Fans of Lee Min-ho will have an entire episode to look forward to

Popular South Korean actor Lee Min-ho enthusiastically auditioned for the role of Koh Han-su who plays both a love interest as well as a villain in the story. 

Hugh said, "He wanted this role. And then in our conversations, it was so clear — he understood who Han-su was. You know, he said ‘I am Han-su’.”

Conversations about Min-ho’s character, Han-su, eventually led to the writers just deciding, according to Hugh to "let’s just go there” where his backstory was concerned and thus an entire episode later in the series is dedicated to Han-su’s origin story.

A lot of the background for the episode that fleshes out Han-su’s story came from Hugh’s research on the 1923 Kanto earthquake, also called the Tokyo-Yokohama earthquake.

"That’s where Han-su was. That explains so much of how he gets to where he is when he meets Sun-ja.” 

So if you’re wondering whether the episode was sheer fanservice you can rest assured it isn’t, though fans of the actor will surely not be complaining.

Lee Min-ho is nothing like his character and that’s great

As to what Min-ho himself thought was the most challenging aspect of playing his character: "The biggest challenge for me in portraying Han-su was the way of communication. We now live in the days where we just logically communicate with each other, and we share our emotions.”

In contrast, he said, his character was not the type to share his feelings and would resort to telling Sun-ja what to do without getting her input.

"I am not that kind of person!” he laughingly emphasised, so he worried he would not clearly convey that in his depiction of Han-su.

Actor Jin Ha probably had the hardest time on the show

During the media roundtable, it sometimes felt like it was "Jin Ha appreciation day” as pretty much everyone — from his co-stars to the showrunner and directors — had a good word to say about him.

Jin Ha played Sun-ja’s grandson, Solomon Baek, and had to speak not one but three different languages in the show and for one of the languages, Japanese, he had to speak it in two different dialects. 

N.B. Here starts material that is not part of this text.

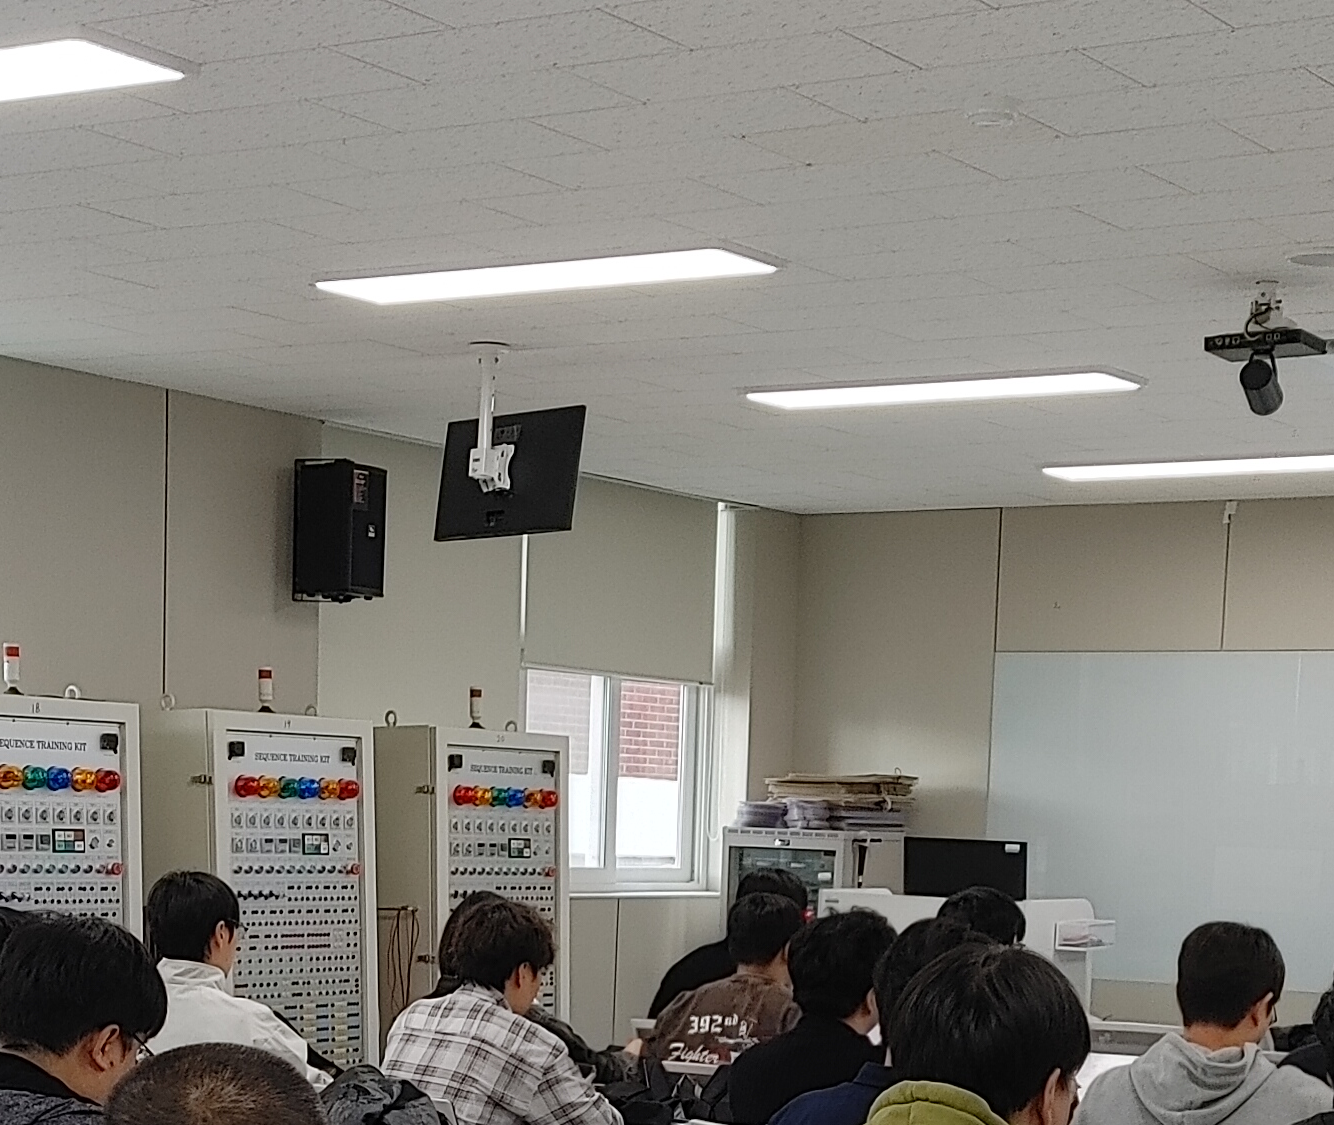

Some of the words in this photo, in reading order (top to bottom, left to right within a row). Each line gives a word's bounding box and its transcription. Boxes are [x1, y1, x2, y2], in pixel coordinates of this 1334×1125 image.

Youn Yuh-jung who played Sun-ja in her later years was one who had nothing but praise for her co-star.  She said she had no idea who Jin was before the show, and said her son had told her he was "very good.” 

Apparently her son had watched him in a show that wasn’t very good but Jin Ha had impressed him.

Youn laughed and said that while she didn’t believe her son then, she believed him now.

Showrunner Hugh also said she believed that Jin Ha would be one of the breakout stars of Pachinko due to his impressive performance.

Whether or not you’ve read the book, Pachinko promises to be a very good reason to tune into Apple TV+ on March 25. It currently has a seven-day free trial though recent purchasers of Apple devices will get a three-month free trial.